§ Your goal: This exercise asks for an exact copy of every entry below, with pictures omitted.

(Collected data)

---

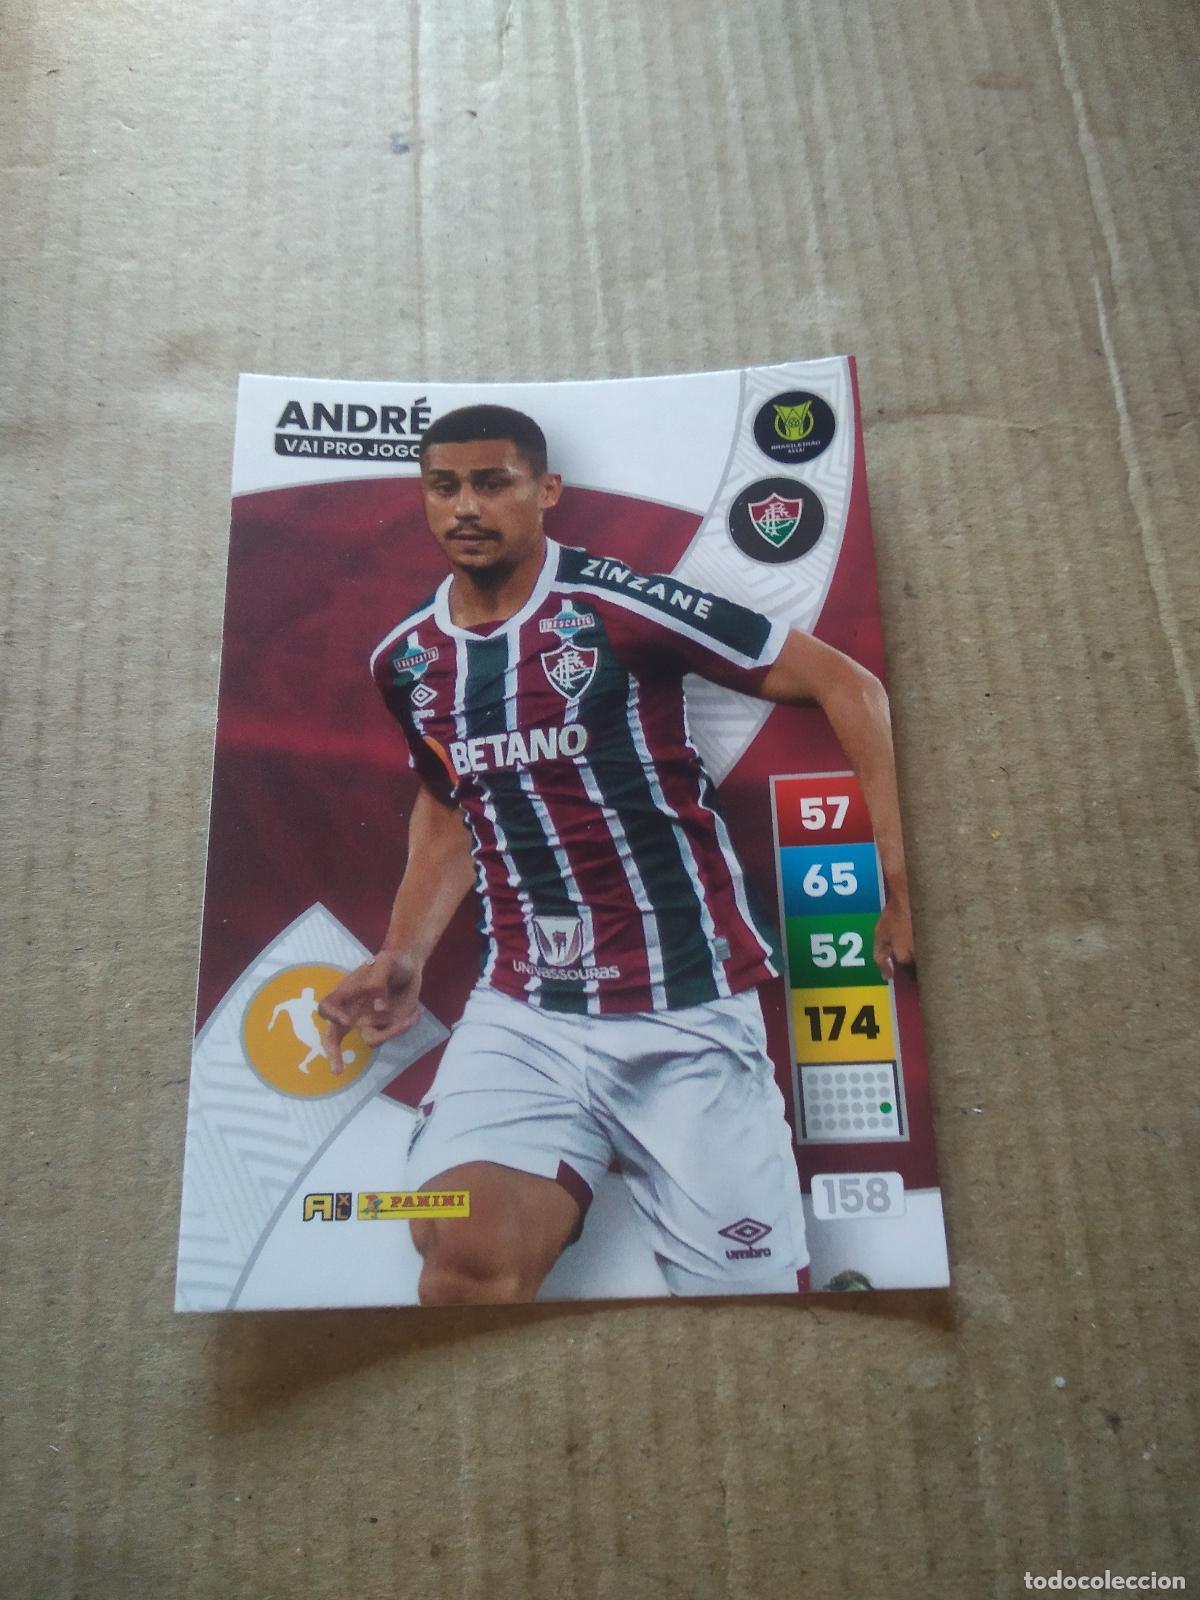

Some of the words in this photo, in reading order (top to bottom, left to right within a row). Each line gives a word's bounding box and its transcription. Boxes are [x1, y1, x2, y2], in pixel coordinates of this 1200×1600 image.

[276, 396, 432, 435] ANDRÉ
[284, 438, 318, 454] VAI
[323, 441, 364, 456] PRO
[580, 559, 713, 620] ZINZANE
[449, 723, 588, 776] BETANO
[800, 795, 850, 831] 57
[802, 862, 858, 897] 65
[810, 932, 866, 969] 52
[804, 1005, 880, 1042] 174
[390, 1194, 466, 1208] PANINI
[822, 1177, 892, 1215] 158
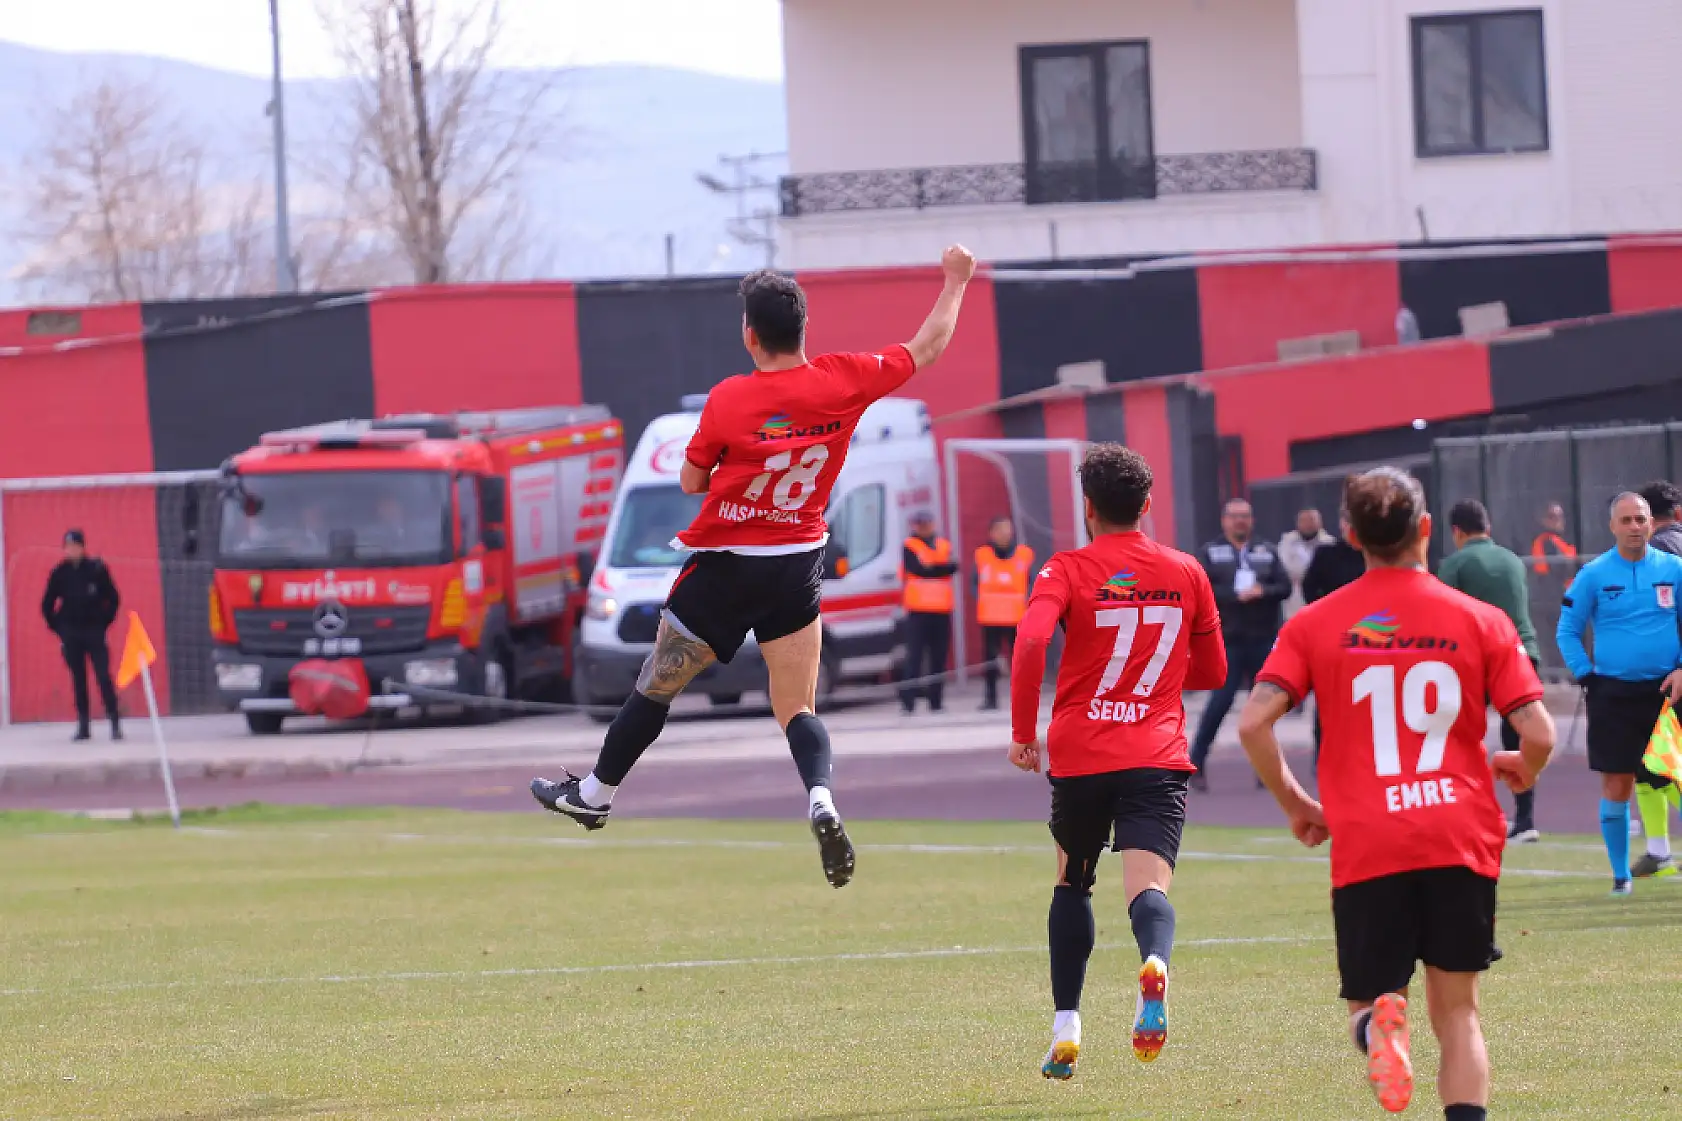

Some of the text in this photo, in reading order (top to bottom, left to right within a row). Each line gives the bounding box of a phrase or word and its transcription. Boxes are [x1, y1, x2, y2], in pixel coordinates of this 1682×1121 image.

---

§ Output for this task:
Some of the words in this photo, in reading order (top to bottom, left to right within a row). Each line gives a word's bounding box and its transcription. Boxes are [x1, y1, x2, y2], in pixel coordinates of this 1200×1600 image.

[276, 396, 432, 435] ANDRÉ
[284, 438, 318, 454] VAI
[323, 441, 364, 456] PRO
[580, 559, 713, 620] ZINZANE
[449, 723, 588, 776] BETANO
[800, 795, 850, 831] 57
[802, 862, 858, 897] 65
[810, 932, 866, 969] 52
[804, 1005, 880, 1042] 174
[390, 1194, 466, 1208] PANINI
[822, 1177, 892, 1215] 158

Some of the text in this photo, in reading order (top to bottom, left to right within a row). Each line gives the bounding box of a phrase or word and its transcription. Boxes are [x1, y1, x2, y2], in pixel coordinates of this 1682×1121 image.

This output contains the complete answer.